US oil refineries reported they were processing 13,853,000 barrels of crude per day during the week ending October 2nd, 184,000 more barrels per day than the amount of oil they used during the prior week, while over the same period the EIA’s surveys indicated that a net total of 92,000 barrels of oil per day were being pulled out of the supplies of oil stored in the US….so based on that reported & estimated data, this week’s crude oil figures from the EIA appear to indicate that our total working supply of oil from net imports, from storage, and from oilfield production was 312,000 barrels per day more than what our oil refineries reported they used during the week…to account for that disparity between the apparent supply of oil and the apparent disposition of it, the EIA just inserted a (-312,000) barrel per day figure onto line 13 of the weekly U.S. Petroleum Balance Sheet to make the reported data for the average daily supply of oil and the data for the average daily consumption of it balance out, essentially a fudge factor that they label in their footnotes as “unaccounted for crude oil”, thus suggesting that there must be an error or errors of that magnitude in the oil supply & demand figures we have just transcribed…moreover, since last week’s fudge factor was +819,000 barrels per day, indicating a week over week difference of 1,131,000 barrels per day in the line 13 balance sheet adjustment, the difference between those errors means any week over week comparisons of oil supply and demand figures reported here are nonsense…however, since most everyone treats these weekly EIA figures as gospel and since these numbers often drive oil pricing and hence decisions to drill or complete wells, we’ll continue to report them as published, just as they’re watched & believed to be accurate by most everyone in the industry…(for more on how this weekly oil data is gathered, and the possible reasons for that “unaccounted for” oil, see this EIA explainer)….
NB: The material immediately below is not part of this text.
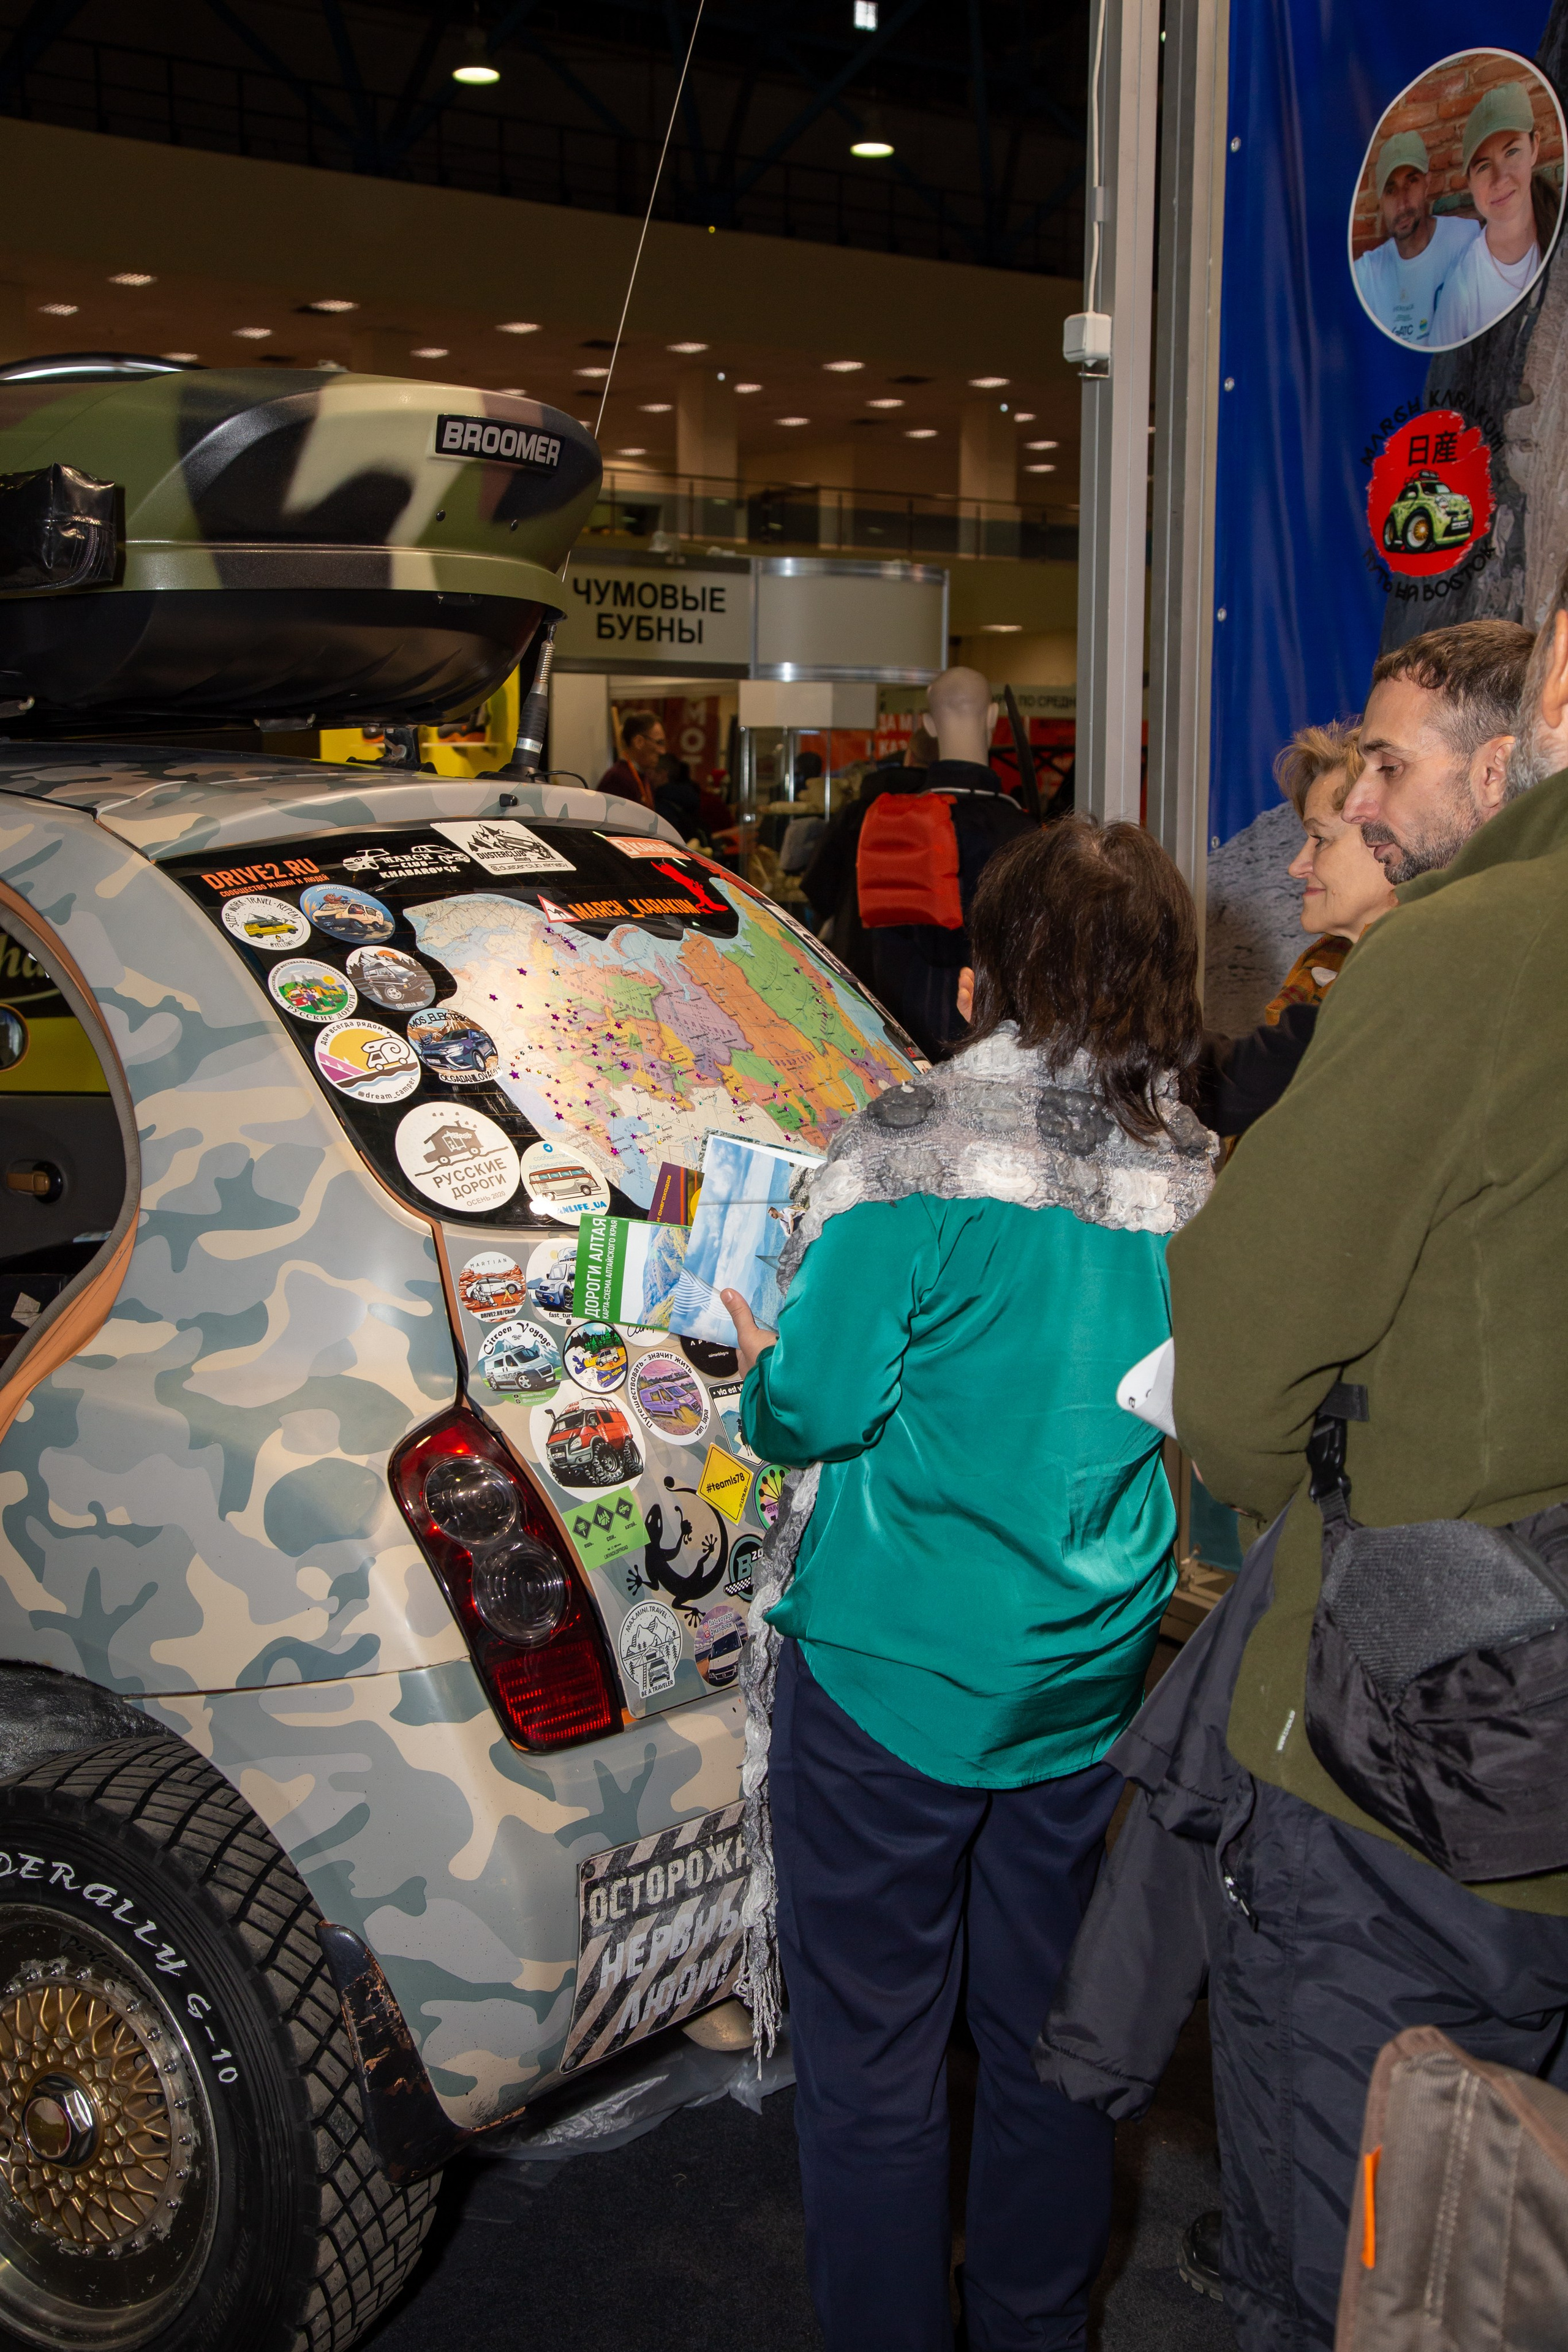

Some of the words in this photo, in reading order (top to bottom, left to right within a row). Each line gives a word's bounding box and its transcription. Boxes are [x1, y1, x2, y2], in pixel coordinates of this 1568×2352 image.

Further details from the weekly Petroleum Status Report (pdf) indicate that the 4 week average of our oil imports rose to an average of 5,258,000 barrels per day last week, which was still 18.9% less than the 6,486,000 barrel per day average that we were importing over the same four-week period last year….the 92,000 barrel per day net withdrawal from our total crude inventories was as 72,000 barrels per day were being added to our commercially available stocks of crude oil and 164,000 barrels per day were being withdrawn from the oil supplies in our Strategic Petroleum Reserve, space in which is now being leased for commercial use, and hence the recent SPR additions and withdrawals should really be included in our commercial supplies….this week’s crude oil production was reported to be 300,000 barrels per day higher at 11,000,000 barrels per day because the rounded estimate of the output from wells in the lower 48 states rose by 200,000 barrels per day to 10,500,000 barrels per day, and because a 16,000 barrels per day increase to 459,000 barrels per day in Alaska’s oil production added another 100,000 barrels per day to the rounded national total (EIA math)….last year’s US crude oil production for the week ending October 4th was rounded to 12,600,000 barrels per day, so this reporting week’s rounded oil production figure was 12.7% below that of a year ago, yet still 30.5% more than the interim low of 8,428,000 barrels per day that US oil production fell to during the last week of June of 2016…
Meanwhile, US oil refineries were operating at 77.1% of their capacity while using 13,853,000 barrels of crude per day during the week ending October 2nd, up from 75.8% of capacity during the prior week, but excluding the 2005 and 2008 hurricane-related refinery interruptions, still one of the lowest refinery utilization rates of the last thirty years…hence, the 13,853,000 barrels per day of oil that were refined this week were 11.5% fewer barrels than the 15,656,000 barrels of crude that were being processed daily during the week ending October 4th of last year, when US refineries were operating at 85.7% of capacity….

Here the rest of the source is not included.